Updated: Jun 03, 2016


Patients with erythema elevatum diutinum (EED) usually present with persistent, firm lesions on the extensor surfaces of their skin, especially over the joints. These lesions are most often nodules and round or oval plaques (see image below). However, on rare occasions, blisters and ulcers may also appear.

Nodular lesions on the knees of a patient with ery Nodular lesions on the knees of a patient with erythema elevatum diutinum.

The color of the lesions progresses over time from yellow or pinkish to red, purple, or brown.
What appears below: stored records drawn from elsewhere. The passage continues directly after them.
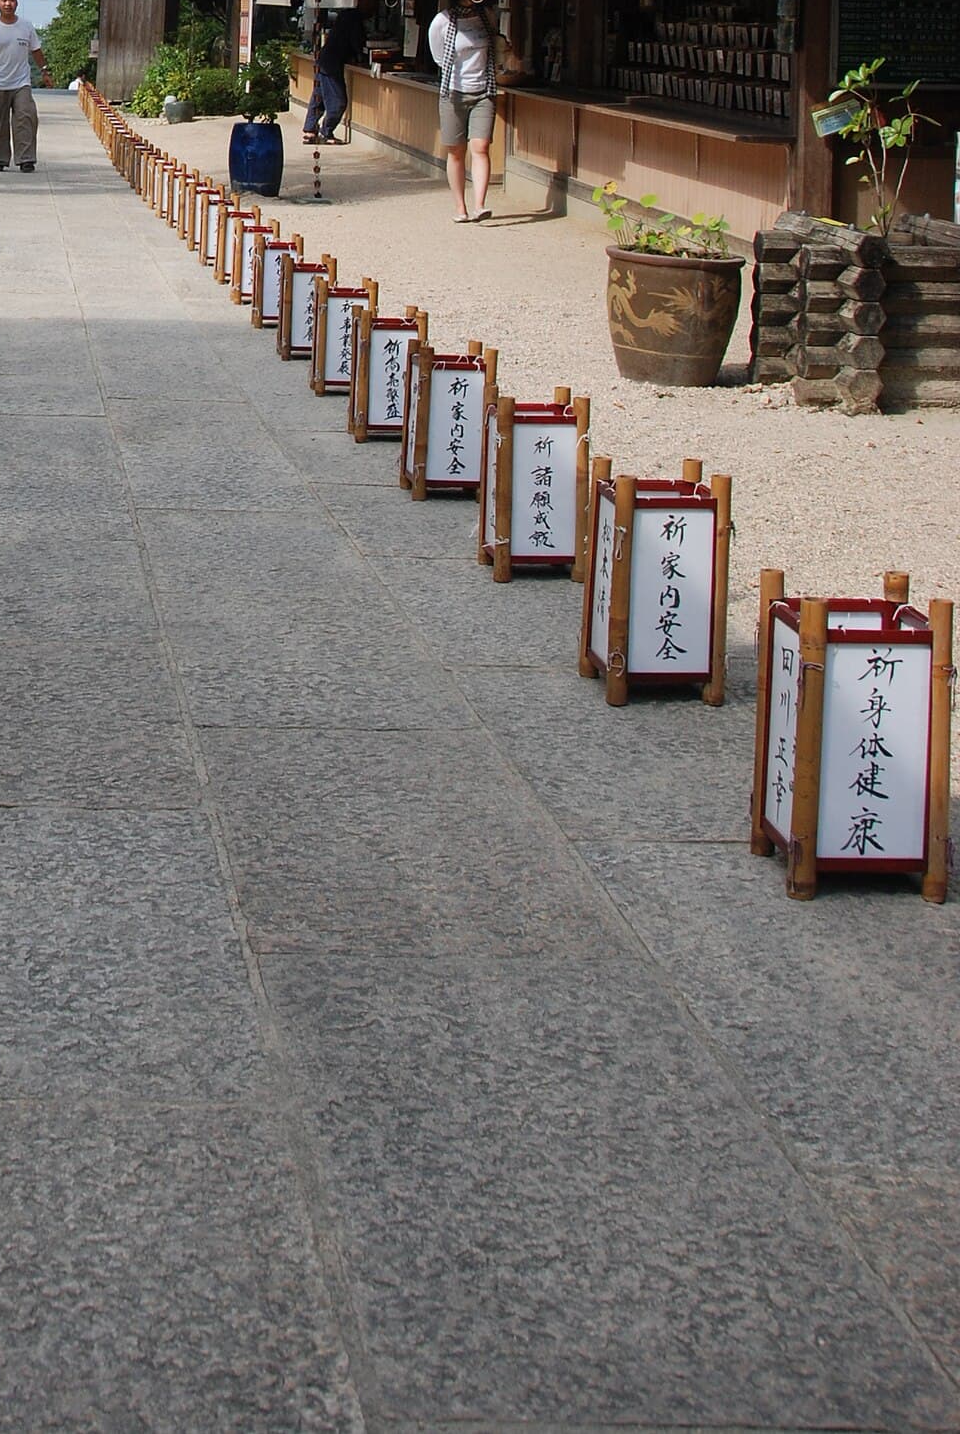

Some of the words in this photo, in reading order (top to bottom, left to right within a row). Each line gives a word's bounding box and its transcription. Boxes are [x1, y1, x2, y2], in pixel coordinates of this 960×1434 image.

[445, 377, 470, 474] 祈家内安全
[528, 437, 556, 549] 祈諸願成就
[654, 514, 688, 661] 祈家内安全
[840, 647, 903, 854] 祈身体健康
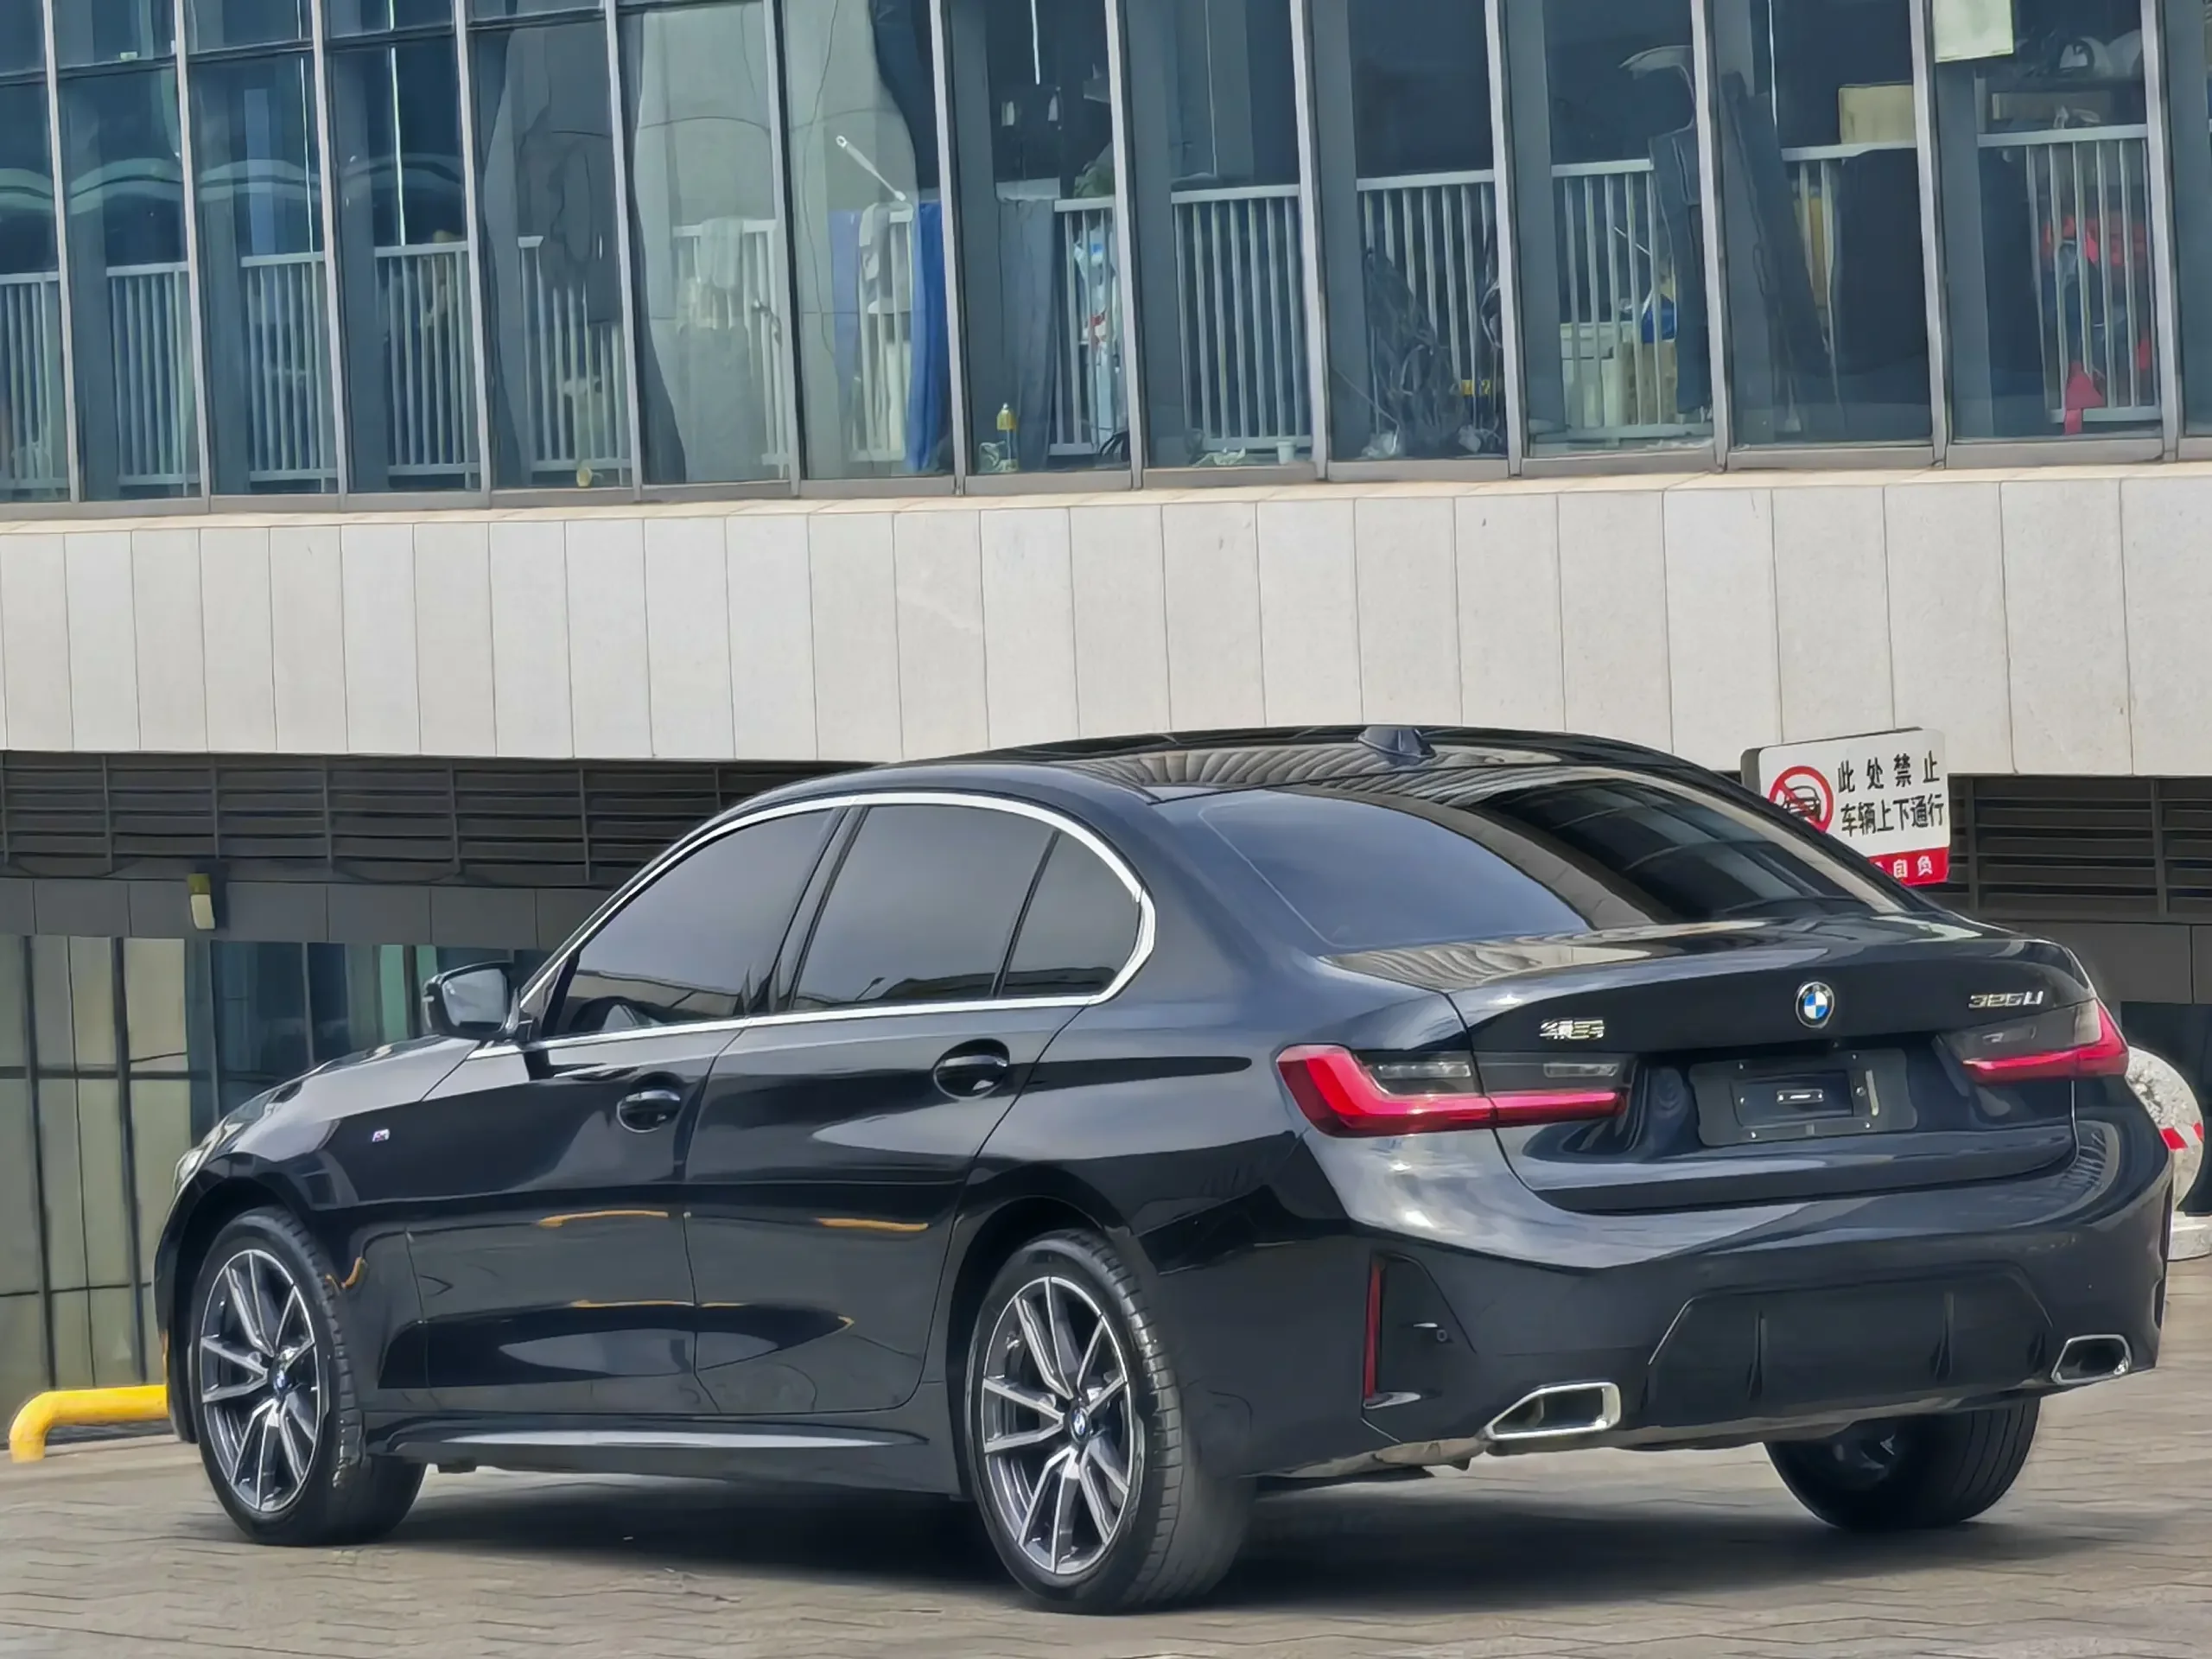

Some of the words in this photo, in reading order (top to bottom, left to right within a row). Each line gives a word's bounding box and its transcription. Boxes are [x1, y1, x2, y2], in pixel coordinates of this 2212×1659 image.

[1838, 750, 1940, 793] 此处禁止
[1840, 794, 1944, 837] 车辆上下通行
[1874, 855, 1934, 879] 自负
In addition to the color changes, patients may describe the lesions as increasing in number and size over time. They may also note that the lesions enlarge during the day and return to their previous size overnight.[9]

The lesions can be completely asymptomatic, painful, or cause a sensation of burning or itching. These symptoms can be exacerbated by cold.

The general health of the patient may be otherwise excellent, although a history of arthralgia is found relatively often with erythema elevatum diutinum.



Upon physical examination, erythema elevatum diutinum lesions are generally found symmetrically on the extensor surfaces of the skin, especially over the joints.[10]

Clinical studies show a preference for the extensor surfaces of the hands, the wrists, the elbows, the ankles, the Achilles tendons, the fingers, and the toes (see image below).

Plaques and papular lesions on the wrists and the Plaques and papular lesions on the wrists and the dorsum of the hands and the digits of a patient with erythema elevatum diutinum.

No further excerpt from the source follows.